First trimester prenatal testing is now accessible to women who do not have an elevated risk or need. But the access is not standardised.
In May 2020, the Norwegian Parliament (the Storting) decided to make changes to maternity care in Norway. Access to non-invasive prenatal testing (NIPT) to screen for chromosomal abnormalities by analysing cell-free DNA in maternal blood is now a statutory right for pregnant women with an indication for prenatal diagnostics and for other pregnant women with an increased trisomy risk due to their age. The lower age limit for NIPT is 35 years, which corresponds to an age-related, overall trisomy risk of around 0.5 % (1). Women under the age of 35 are not entitled to NIPT in the public health service, but can have it performed in the private health service. Many private healthcare providers send the blood sample for analysis to laboratories outside Norway. Despite robust counterarguments and warnings from the medical communities, it was decided that both public and private healthcare providers would perform NIPT (2–4).
Highly specialised healthcare personnel have chosen to take up more appealing positions in the private health service rather than work at public maternity clinics
This decision has proven to have ripple effects: highly specialised healthcare personnel have chosen to take up more appealing positions in the private health service rather than work at public maternity clinics (Sitras V, Salvesen KÅ, Johnsen SL, personal communication April 2022). This has exacerbated the shortage of qualified healthcare personnel.

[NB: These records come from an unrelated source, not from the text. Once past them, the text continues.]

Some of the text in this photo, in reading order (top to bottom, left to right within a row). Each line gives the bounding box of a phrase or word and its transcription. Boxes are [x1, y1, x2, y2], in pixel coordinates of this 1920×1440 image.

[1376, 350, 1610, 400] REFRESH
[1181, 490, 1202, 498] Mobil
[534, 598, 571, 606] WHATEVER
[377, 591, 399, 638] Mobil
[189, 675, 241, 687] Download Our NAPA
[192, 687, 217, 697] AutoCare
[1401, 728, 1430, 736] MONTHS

In addition, the health trusts have faced major challenges in establishing a new health service provision without the necessary funding. It was not until May 2021 that a subsidy was received under the revised national budget – six months after the health trusts had been commissioned to establish NIPT.
The introduction of NIPT has created a divide in which younger women, who have the lowest risk but the most pregnancies, have to pay an unnecessarily high price for the same testing that older women receive free of charge at their local hospital. The distinction is even clearer in rural areas, where private NIPT is either difficult to access or non-existent. Major resources have been invested in enabling local hospitals to provide first trimester ultrasound examinations and NIPT. A practical and quality-assured system has been established for patient information, sample taking and handling, DNA analysis, reporting of test results and genetic counselling, which is a regulatory requirement when the analysis reveals abnormal findings (5). It seems illogical that young women do not have access to testing that is now available in the public health service. The medical community's recommendation is therefore for pregnant women under the age of 35 to also be offered NIPT along with their first trimester ultrasound examination at the local hospital, against a fixed charge.

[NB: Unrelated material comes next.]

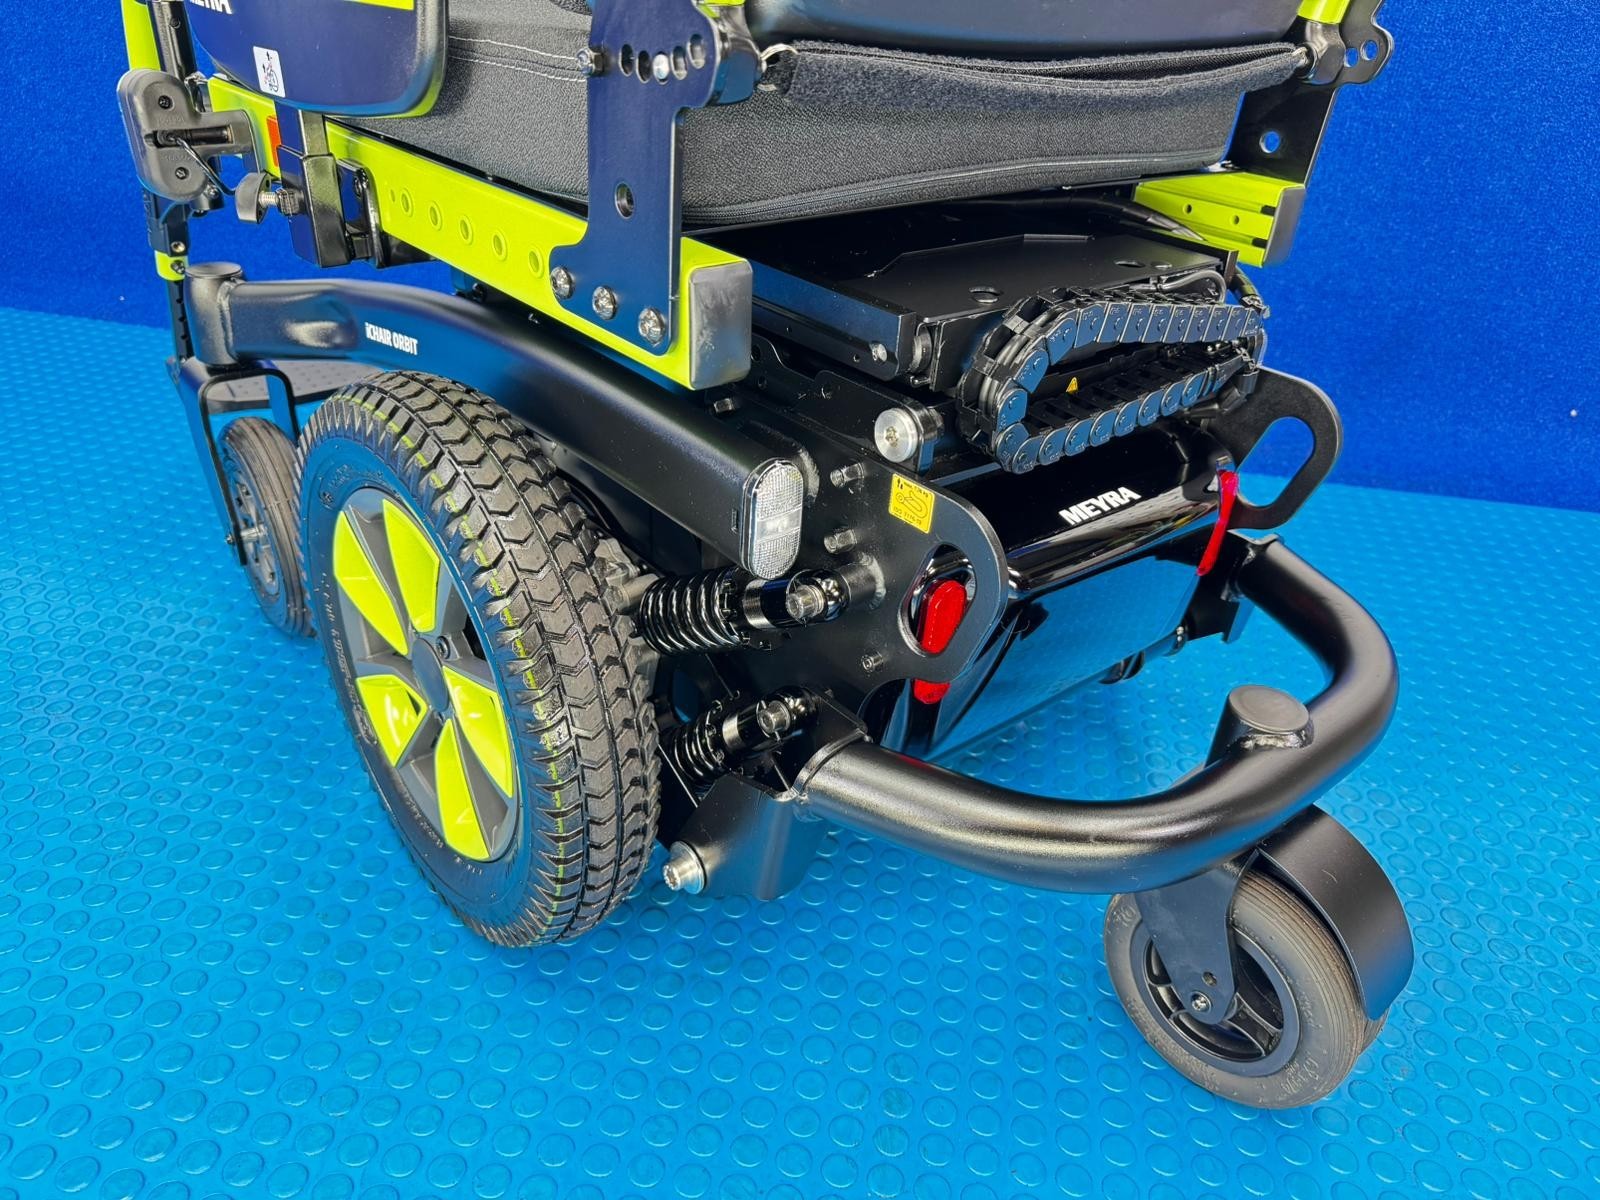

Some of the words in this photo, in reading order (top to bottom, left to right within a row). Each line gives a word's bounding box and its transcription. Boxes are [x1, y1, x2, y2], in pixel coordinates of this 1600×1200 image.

[364, 321, 393, 347] iCHAIR
[392, 331, 418, 356] ORBIT
[1058, 486, 1142, 526] MEYRA

Paid access to public specialist health services would require the outpatient regulations to be revised. The regional health authorities and medical communities have called on the Ministry of Health and Care Services to make the necessary amendments. Facilitating NIPT analysis in the public health service also for those under the age of 35 will reduce the number of unnecessary ultrasound examinations and save resources. Very few pregnant women opt out of first trimester screening in the public health service even if they seek NIPT in the private sector. In fact, there is every reason to believe that pregnant women with concerns will normally welcome both an ultrasound examination and NIPT in the private health service, followed by first trimester screening at the local hospital some weeks later.
Facilitating NIPT analyses in the public health service, also for the youngest group of women who want this testing, will effectively eliminate the market basis for private actors
Facilitating NIPT analyses in the public health service, also for the youngest group of women who want this testing, will effectively eliminate the market basis for private actors and help curb the loss of competence in the health trusts. For many local hospitals in the north of Norway, this will probably be crucial for the future provision of NIPT in the public health service.

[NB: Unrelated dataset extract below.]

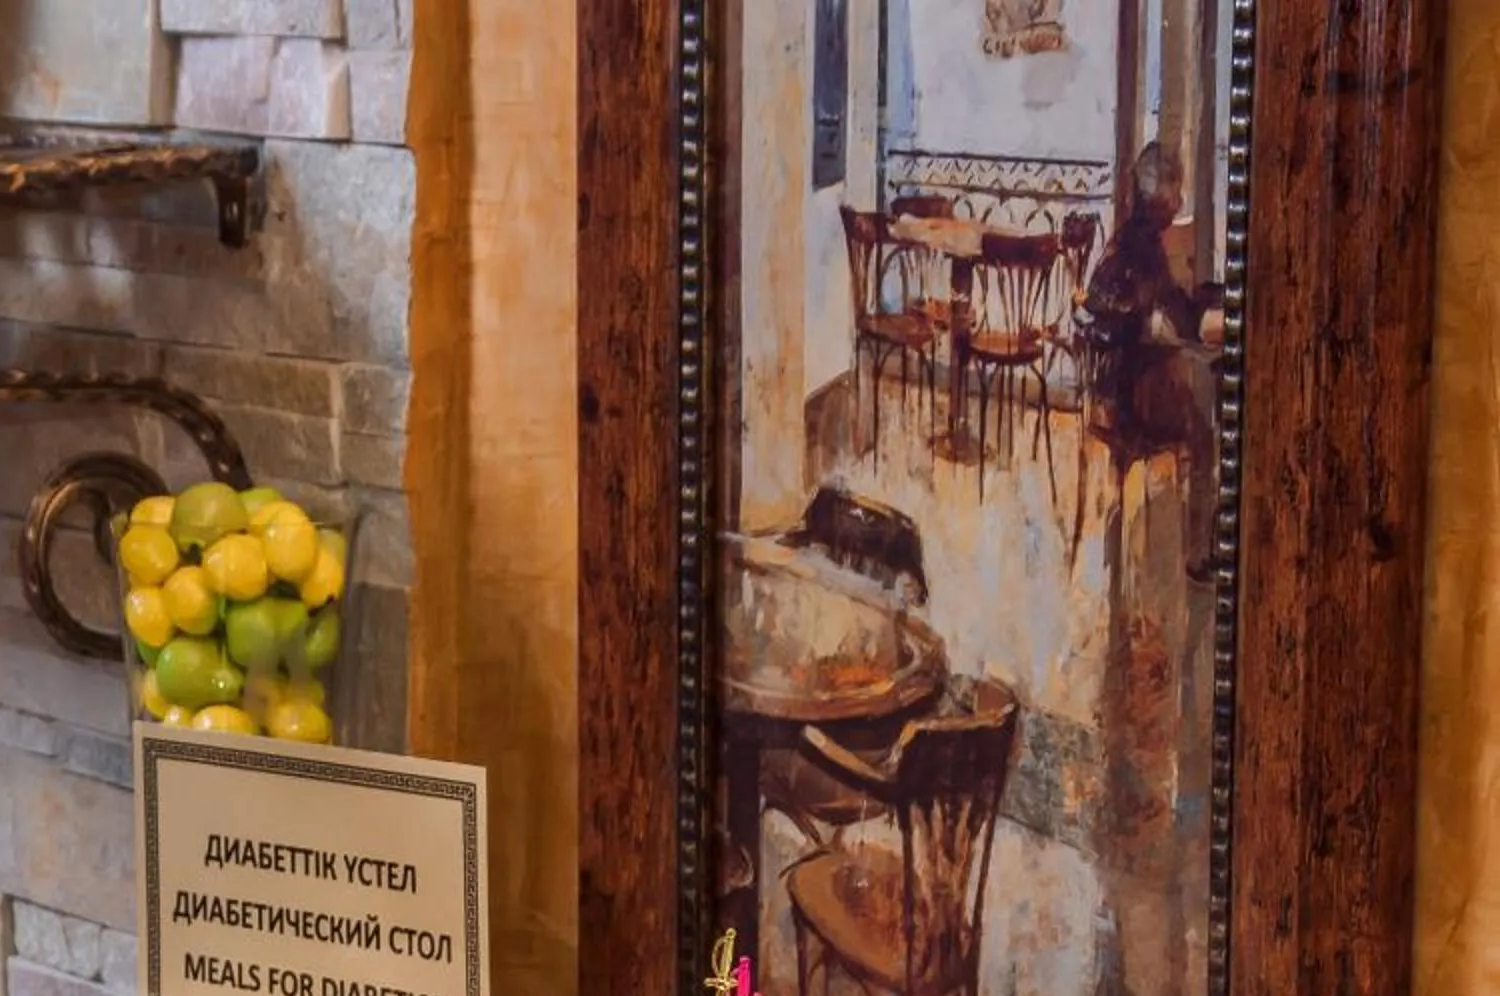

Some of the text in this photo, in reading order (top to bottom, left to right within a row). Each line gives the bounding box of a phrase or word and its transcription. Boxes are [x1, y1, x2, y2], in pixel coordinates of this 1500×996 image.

[204, 834, 336, 880] ДИАБЕТТІК
[173, 890, 452, 964] ДИАБЕТИЧЕСКИЙ СТОЛ
[184, 953, 260, 991] MEALS

The legislative amendments have narrowed the gap between Norwegian women and their European and Scandinavian counterparts, who have had access to NIPT for a long time (6). This has led to a long-awaited harmonisation of a conservative biotechnology law, in line with the expectations of many pregnant women (7). However, NIPT must be organised in a way that safeguards professional standards and ensures equal access to health services for all pregnant women (8).